- _Exercise aim_:
A faithful, picture-free copy of the listing below is required.

- _Input material_:
____________________
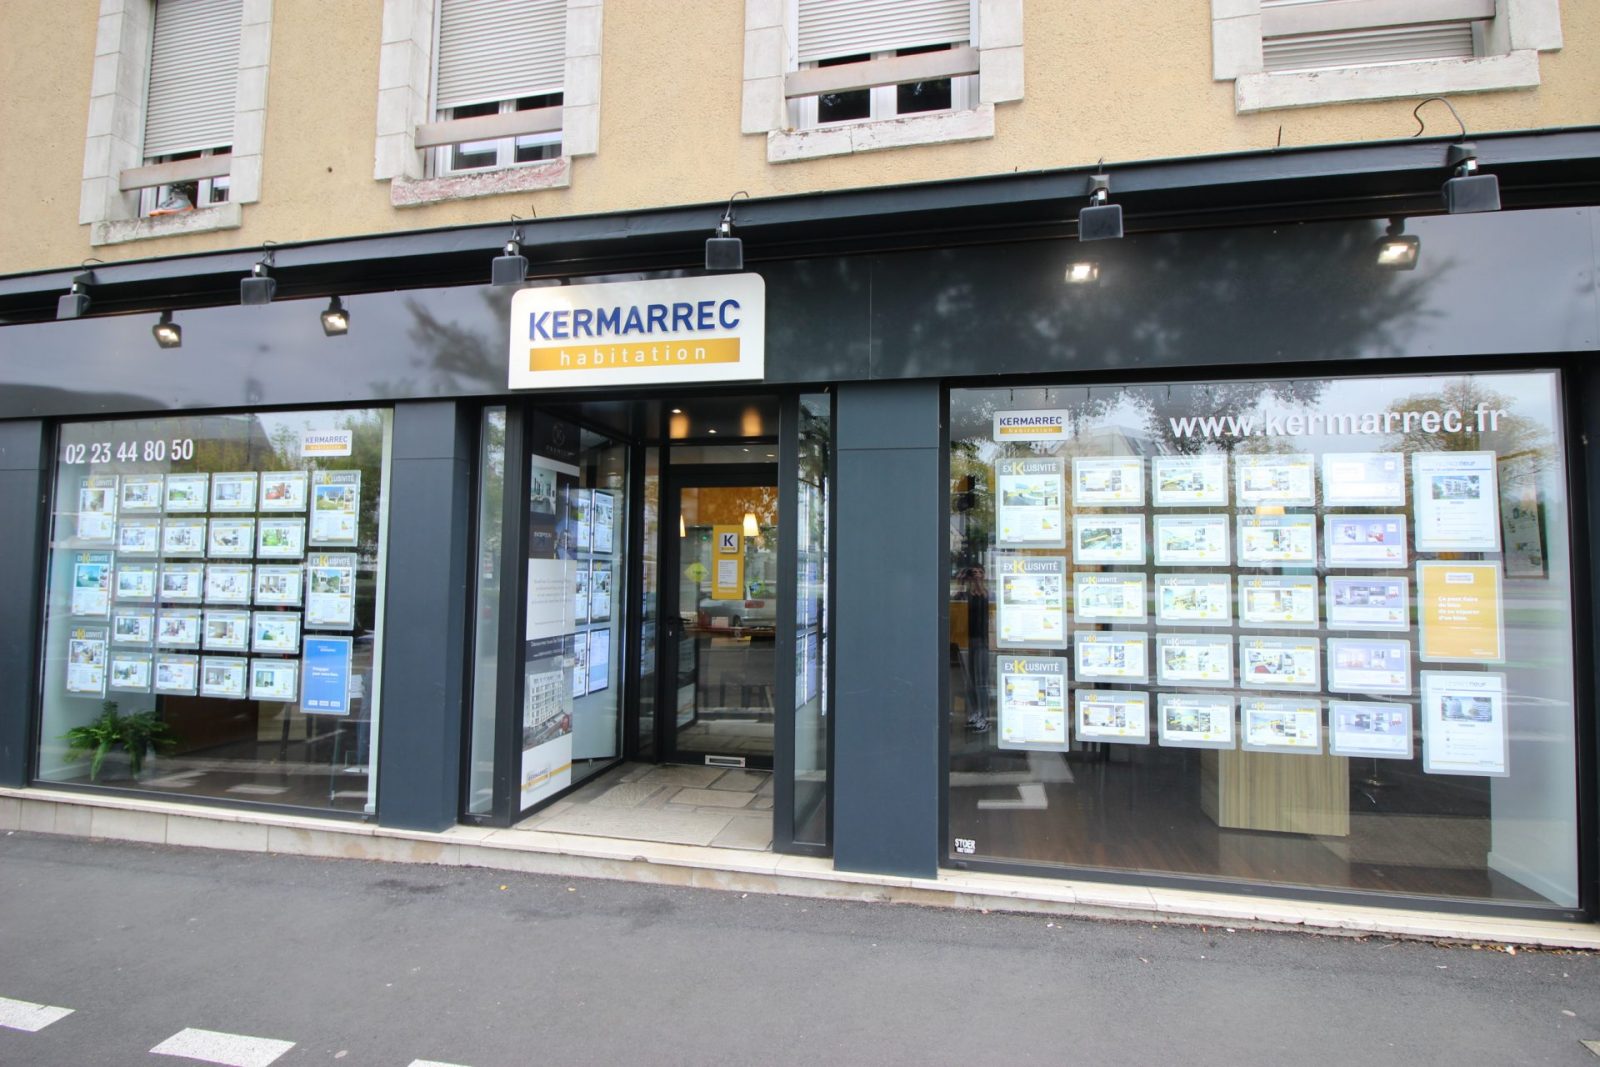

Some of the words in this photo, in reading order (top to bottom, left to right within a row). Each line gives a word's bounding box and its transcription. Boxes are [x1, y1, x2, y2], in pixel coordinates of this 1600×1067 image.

[529, 299, 740, 340] KERMARREC
[560, 345, 706, 367] habitation
[1000, 416, 1062, 426] KERMARREC
[1169, 402, 1507, 438] www.kermarrec.fr
[305, 435, 348, 444] KERMARREC
[65, 443, 86, 464] 02
[90, 442, 112, 463] 23
[117, 441, 138, 462] 44
[143, 440, 165, 461] 80
[171, 438, 193, 460] 50
[724, 535, 734, 546] K
____________________
- _Your response_:
Some of the words in this photo, in reading order (top to bottom, left to right within a row). Each line gives a word's bounding box and its transcription. Boxes are [x1, y1, x2, y2], in pixel coordinates of this 1600×1067 image.

[529, 299, 740, 340] KERMARREC
[560, 345, 706, 367] habitation
[1000, 416, 1062, 426] KERMARREC
[1169, 402, 1507, 438] www.kermarrec.fr
[305, 435, 348, 444] KERMARREC
[65, 443, 86, 464] 02
[90, 442, 112, 463] 23
[117, 441, 138, 462] 44
[143, 440, 165, 461] 80
[171, 438, 193, 460] 50
[724, 535, 734, 546] K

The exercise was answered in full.